Dopo Il sacrificio del cervo sacro edito da CG HE, è 20th Century Fox HE Italy a continuare la distribuzione del regista greco anticonvenzionale Yorgos Lanthimos in home video con La Favorita un period movie e una commedia al femminile davvero particolari.

La confezione semplice ma azzeccata e il menu minimalista ma animato permettono di entrare nell’atmosfera vibrante e per niente “da period movie” del film. I contenuti speciali, oltre alle Scene Eliminate e al Trailer, sempre catalogati con il font tipico del film, includono lo speciale making of La Favorita: film in costume: un punto dopo l’altro. Questo making of contiene impressioni ed opinioni oltre che del regista e del trio femminile Olivia Colman, Rachel Weisz, Emma Stone, che compone il cast principale – tutte e tre protagoniste a fasi alterne, nessuna subordinata, caso anomalo come suggerisce il co-sceneggiatore Tony McNamara – anche del produttore Ed Guiney, degli attori Mark Gatiss, Joe Alwyn, Nicholas Hoult, James Smith, del direttore della fotografia Robbie Ryan, della produttrice Ceci Dempsey, della consulente storica Hannah Greig, della costumista Sandy Powell, della responsabile di trucco e parrucco Nadia Stacey e della direttrice del casting Dixie Chassay.

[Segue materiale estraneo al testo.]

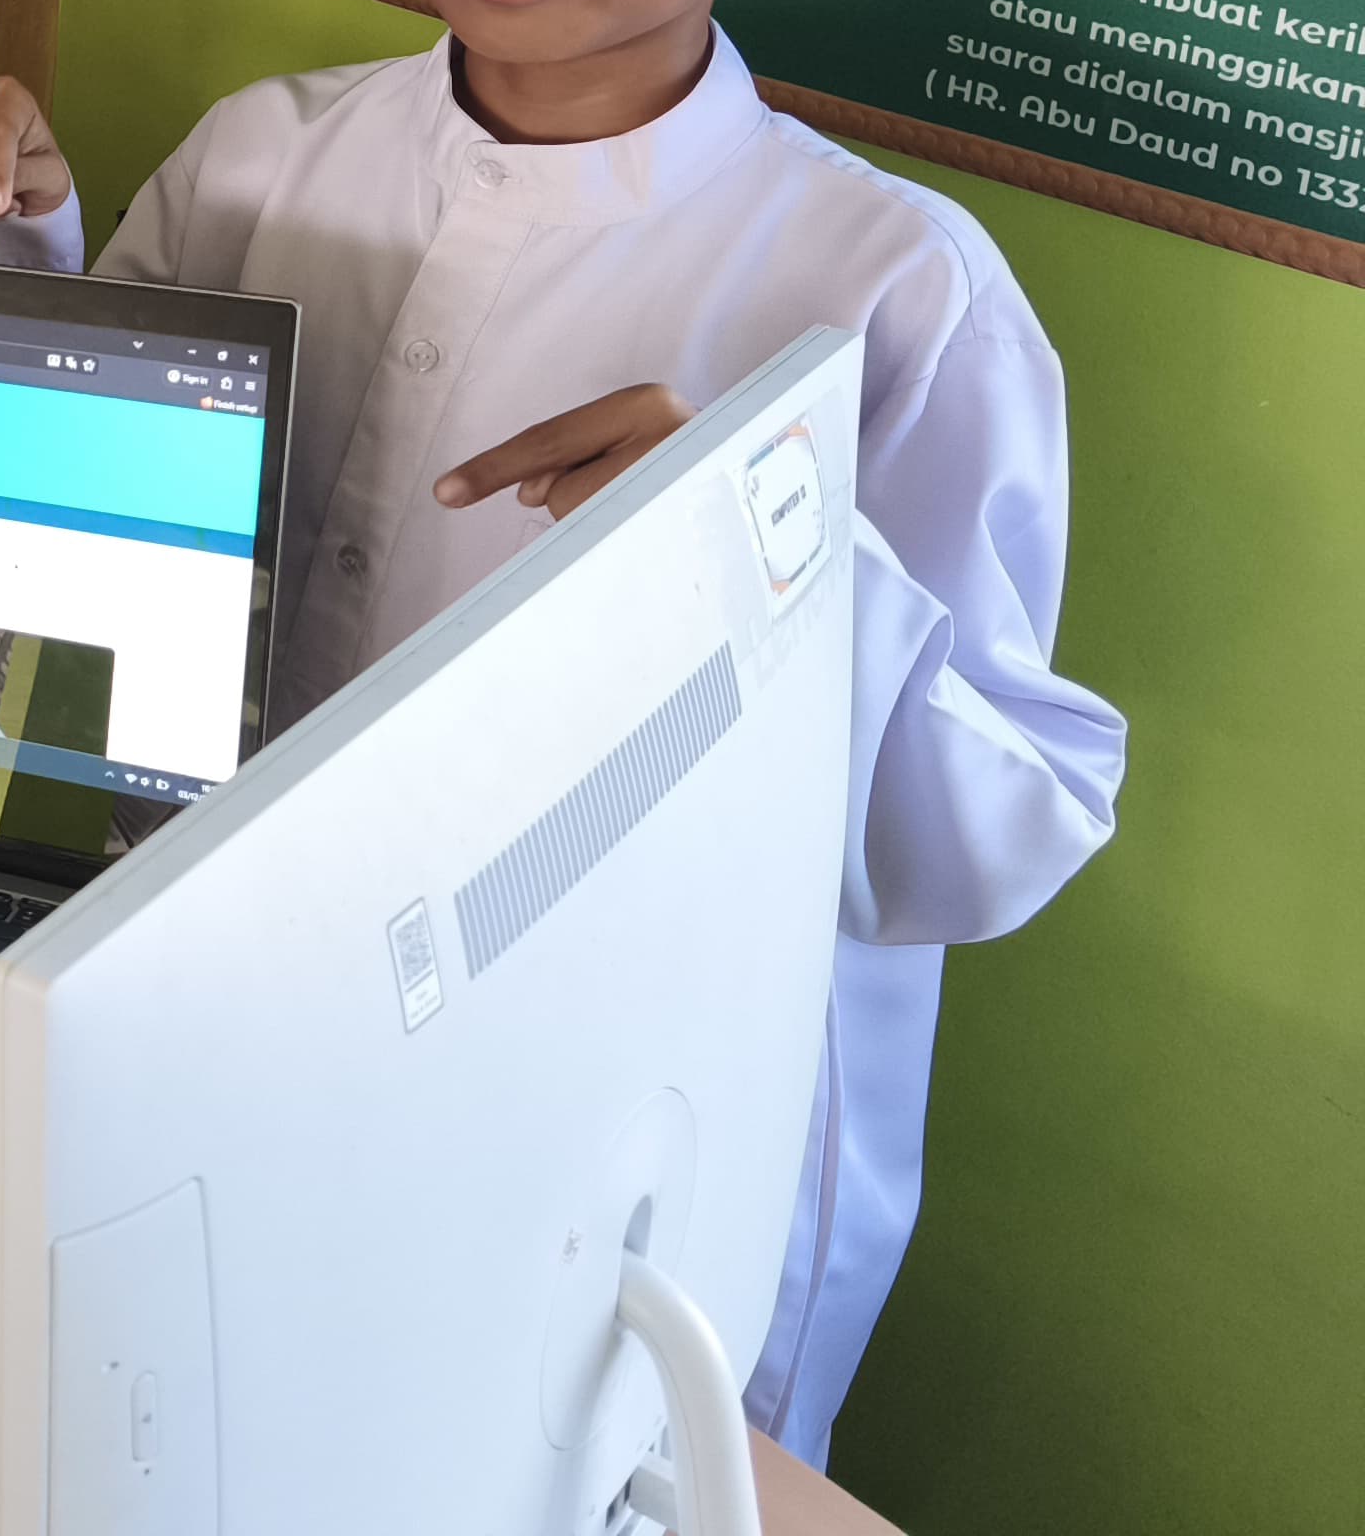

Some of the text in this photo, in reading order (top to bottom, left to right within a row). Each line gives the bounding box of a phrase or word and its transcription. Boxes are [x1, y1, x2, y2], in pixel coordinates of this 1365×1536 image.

[946, 34, 1365, 161] suara didalam masji
[1090, 21, 1365, 106] meninggikan
[1019, 95, 1096, 136] Abu
[1109, 117, 1219, 170] Daud
[1230, 156, 1283, 186] no

Come raccontano un po’ tutti, Lanthimos è un regista particolarissimo con cui lavorare, che non cerca mai l’inquadratura più ovvia, lo stesso dicasi per la fotografia e la luce, e con la storia raccontata nel film lui e McNamara si sono presi volutamente molte libertà dalla Storia con la s maiuscola. Le donne protagoniste sono ispirate a personaggi realmente esistiti, ma sono sfaccettate, compiesse mentre gli uomini sono marginali e allo stesso tempo più appariscenti, con quei vestiti eccessivi e quel trucco abbondante, come raccontano Powell e Stacey, soprattutto il personaggio di Hoult. Ma è anche grazie al trucco eccessivo che la regina Anna (Colman) mostra tutte le proprie sfaccettature facciali. Il personaggio di Hoult nel vestiario è il prototipo del dandy come rivela Powell (come lo è stato Jude Law / Silente in Animali Fantastici 2). L’utilizzo massiccio del grandangolo da parte di Lanthimos vuole rimarcare la contrapposizione piccoli personaggi / grandi spazi e proprio come in una sinfonia tutto è composito e composto nel quadro complessivo e generale, ogni strumento ha il proprio ruolo e il direttore d’orchestra sa quello che fa.

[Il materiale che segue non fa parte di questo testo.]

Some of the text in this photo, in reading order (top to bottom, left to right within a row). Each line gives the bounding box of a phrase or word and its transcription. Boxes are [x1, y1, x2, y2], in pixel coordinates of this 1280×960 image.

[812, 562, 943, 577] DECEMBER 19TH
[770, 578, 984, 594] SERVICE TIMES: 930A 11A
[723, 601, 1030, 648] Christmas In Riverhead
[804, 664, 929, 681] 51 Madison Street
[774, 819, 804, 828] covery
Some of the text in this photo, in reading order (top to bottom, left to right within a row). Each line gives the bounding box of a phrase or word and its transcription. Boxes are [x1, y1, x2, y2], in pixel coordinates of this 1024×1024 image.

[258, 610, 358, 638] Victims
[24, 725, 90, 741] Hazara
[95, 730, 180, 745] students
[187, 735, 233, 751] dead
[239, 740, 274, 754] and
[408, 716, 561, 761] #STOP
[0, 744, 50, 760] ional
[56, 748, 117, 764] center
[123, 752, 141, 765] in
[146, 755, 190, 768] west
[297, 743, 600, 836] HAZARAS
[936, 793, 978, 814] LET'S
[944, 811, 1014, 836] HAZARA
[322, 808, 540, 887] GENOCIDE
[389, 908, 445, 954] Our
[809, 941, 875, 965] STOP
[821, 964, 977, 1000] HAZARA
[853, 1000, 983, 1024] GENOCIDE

La storia d’altronde, un Eva contro Eva nell’Inghilterra del XVIII Secolo, è quella della fragile regina Anna, che ha subito 17 aborti, e siede sul trono mentre l’amica intima Lady Sarah Churchill (Weisz) governa il paese in sua vece e, al tempo stesso, si prende cura della cattiva salute e del temperamento volubile della sovrana. Quando l’affascinante Abigail Masham (Stone) arriva a corte, si fa benvolere da Sarah, che la prende sotto la sua ala protettiva. Per Abigail è l’occasione di tornare alle radici aristocratiche da cui discende e lo farà attraverso un’amicizia intima instaurata con la regina stessa. Mentre la Guerra fra Inghilterra e Francia imperversa fuori, c’è quella intestina a Corte fra Sarah e Abigail per rimanere la Favorita della Regina, a qualunque costo, a tenere banco. Un film in cui Lanthimos abbandona lo stile “fuori da ogni contesto” di cui permea solitamente i propri lavori per gettarsi a suo modo in una commedia e in un period movie riscrivendone gli stilemi e le regole.